9) QA and launch checklist
- Formats: 300 × 250, 336 × 280, 300 × 600, 160 × 600, 728 × 90, 970 × 250; mobile 320 × 100/50, 1:1, 4:5, 16:9, 9:16
- Weight ≤ 150-200 KB (static/HTML5), WebP/PNG, without "heavy" GIFs
- CTA contrast (WCAG), safe zones (≥24 px from edge)
- No clickbait/promises, correct disclaimers
- Трекинг: viewable, click, lpview, cta_click, form_start, submit
- Randomization by user, clear proportion of A/B impressions
- Anti-bot filters enabled, placements exceptions configured
10) Hypothesis Library: What to Test
Offer:- "Transparent bonus terms" vs "All terms on one page"
- "Demo without registration" vs "View interface"
- "View Terms" vs "Learn Details"
- "Open Demo" vs "Try Now"
- Scene/hero vs screen interface vs iconography
- Warm background vs neutral; outline button vs fill
- Top-left logo vs compact; CTA right vs bottom
- Trust badge at CTA vs under headline
- Smooth fade-in PTC vs pulse CTA stroke (≤12 c, 2-3 phases)
11) Decision rules
Significance threshold: p≤0. 05 and/or whole confidence interval> 0 at the MDE landmark.
Common sense boundary: if there is a vCTR win, but the CR/CPA has sagged, we do not roll out.
Segment winners: if the difference is significant only on mobile/GEO - roll out targeted.
Ethics: we do not accept winnings at the cost of manipulative text/clickbait.
12) Anti-patterns (which breaks the system)
Many factors in one test → no conclusions.
Decisions "on schedule for 2 days."
Mixing channels (different audiences) in one experiment.
Lack of viewability → dead vCTR.
There is no archive of experiments → repetition of errors and the "eternal bicycle."
The frequency of impressions → fake victories due to "first attention" is not taken into account.
13) 30/60/90-implementation plan
0-30 Days - System MVP
Hypothesis template, naming, QA checklist.
Diagram of events and dashboard pre/post-click.
1-2 experiments: offer and CTA in a key format (300 × 250/320 × 100).
Enable viewability and anti-bot filters.
31-60 days - deepening
Expand to all formats and top placements; add HTML5 variants.
Implement rotation regulations and "fatigue" thresholds.
Introduce stratification by device/site, segment kickouts of winners.
61-90 days - maturity
Archive of experiments and factor base (offer/visual/cta).
Auto-questionnaire brief + semi-standard layouts (creative design system).
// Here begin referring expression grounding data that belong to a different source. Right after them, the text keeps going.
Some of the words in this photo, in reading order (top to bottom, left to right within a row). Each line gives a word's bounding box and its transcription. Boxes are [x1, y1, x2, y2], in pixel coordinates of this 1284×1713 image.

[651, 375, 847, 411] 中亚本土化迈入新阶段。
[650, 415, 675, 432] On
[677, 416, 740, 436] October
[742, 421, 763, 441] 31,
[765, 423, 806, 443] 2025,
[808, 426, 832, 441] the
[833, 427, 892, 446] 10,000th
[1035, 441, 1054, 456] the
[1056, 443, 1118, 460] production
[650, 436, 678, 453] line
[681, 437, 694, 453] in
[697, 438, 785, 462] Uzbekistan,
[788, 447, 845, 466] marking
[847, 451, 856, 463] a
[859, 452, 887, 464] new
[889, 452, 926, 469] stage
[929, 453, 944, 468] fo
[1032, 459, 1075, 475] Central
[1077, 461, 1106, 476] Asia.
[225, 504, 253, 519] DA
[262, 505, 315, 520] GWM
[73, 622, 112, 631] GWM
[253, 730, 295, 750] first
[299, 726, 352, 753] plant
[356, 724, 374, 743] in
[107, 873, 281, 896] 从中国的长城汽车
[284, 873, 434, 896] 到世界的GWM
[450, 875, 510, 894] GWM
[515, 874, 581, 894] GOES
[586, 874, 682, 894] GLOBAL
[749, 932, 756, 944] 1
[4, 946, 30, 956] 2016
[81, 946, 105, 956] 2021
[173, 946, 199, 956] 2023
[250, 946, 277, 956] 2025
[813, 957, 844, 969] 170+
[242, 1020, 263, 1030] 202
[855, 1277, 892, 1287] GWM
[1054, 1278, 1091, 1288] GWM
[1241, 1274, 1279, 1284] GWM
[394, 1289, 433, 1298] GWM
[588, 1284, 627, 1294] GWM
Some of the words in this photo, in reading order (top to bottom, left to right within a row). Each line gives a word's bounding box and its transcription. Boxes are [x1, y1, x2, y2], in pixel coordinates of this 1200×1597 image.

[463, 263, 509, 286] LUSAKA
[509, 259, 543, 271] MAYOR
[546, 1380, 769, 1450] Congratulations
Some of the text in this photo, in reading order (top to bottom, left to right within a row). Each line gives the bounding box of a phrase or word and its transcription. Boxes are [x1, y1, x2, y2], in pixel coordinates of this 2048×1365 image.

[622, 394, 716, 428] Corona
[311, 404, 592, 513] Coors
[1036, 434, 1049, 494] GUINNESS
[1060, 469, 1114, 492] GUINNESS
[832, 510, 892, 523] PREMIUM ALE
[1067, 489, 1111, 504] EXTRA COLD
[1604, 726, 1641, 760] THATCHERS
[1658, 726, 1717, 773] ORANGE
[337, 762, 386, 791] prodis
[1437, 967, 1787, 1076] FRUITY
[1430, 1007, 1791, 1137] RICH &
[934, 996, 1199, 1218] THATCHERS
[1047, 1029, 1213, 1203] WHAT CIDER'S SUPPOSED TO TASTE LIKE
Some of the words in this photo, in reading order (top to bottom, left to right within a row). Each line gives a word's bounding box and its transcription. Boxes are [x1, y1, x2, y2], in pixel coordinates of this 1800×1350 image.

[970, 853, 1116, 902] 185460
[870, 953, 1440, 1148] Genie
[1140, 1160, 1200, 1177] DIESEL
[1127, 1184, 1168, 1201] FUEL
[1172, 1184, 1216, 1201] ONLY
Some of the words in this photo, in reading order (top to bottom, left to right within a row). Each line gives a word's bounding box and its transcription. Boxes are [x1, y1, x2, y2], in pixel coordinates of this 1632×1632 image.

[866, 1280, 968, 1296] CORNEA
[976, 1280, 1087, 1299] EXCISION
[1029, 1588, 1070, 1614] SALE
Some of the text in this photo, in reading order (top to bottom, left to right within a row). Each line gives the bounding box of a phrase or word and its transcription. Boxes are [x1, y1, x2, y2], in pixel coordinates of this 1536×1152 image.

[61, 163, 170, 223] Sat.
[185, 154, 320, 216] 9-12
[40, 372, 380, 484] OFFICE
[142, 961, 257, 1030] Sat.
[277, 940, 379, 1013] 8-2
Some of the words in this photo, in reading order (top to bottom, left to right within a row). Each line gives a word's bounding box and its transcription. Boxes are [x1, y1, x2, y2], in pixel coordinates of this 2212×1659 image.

Monthly report: ROI of tests,% of winners, contribution to CR/CPA.
Pilot of bandits for auto-exploitation of winners in stable segments.
14) Mini templates (ready for copy paste)
Hypothesis template
Issue: vCTR low on mobile in GEO {X}
Idea: replace visual with scene with screen interface + CTA "Open demo"
MDE: +8% к vCTR
Metrics: vCTR (primary), CR (secondary), CPA (control)
Segments: mobile, formats 320 × 100/1: 1
Risks: post-click drop; event LP check
Totals card
A: vCTR 1. 22% [1. 15; 1. 29], CR 4. 1%
B: vCTR 1. 34% [1. 27; 1. 41], CR 4. 3%, CPA ↓ 6%
Decision: B won. Rollout: mobile GEO {X}, 100%
Comment: The effect is stronger on Y/Z placements
The A/B banner testing system is not a "button color," but a set of disciplines: correct metrics (viewability → vCTR → post-click), pure randomization, hard QA, traffic quality control, rotation regulations and transparent solutions. Build a pipeline of hypotheses, maintain an archive and factor base - and creativity will cease to be a lottery: you will consistently increase the effectiveness of advertising and reduce CPA in predictable steps.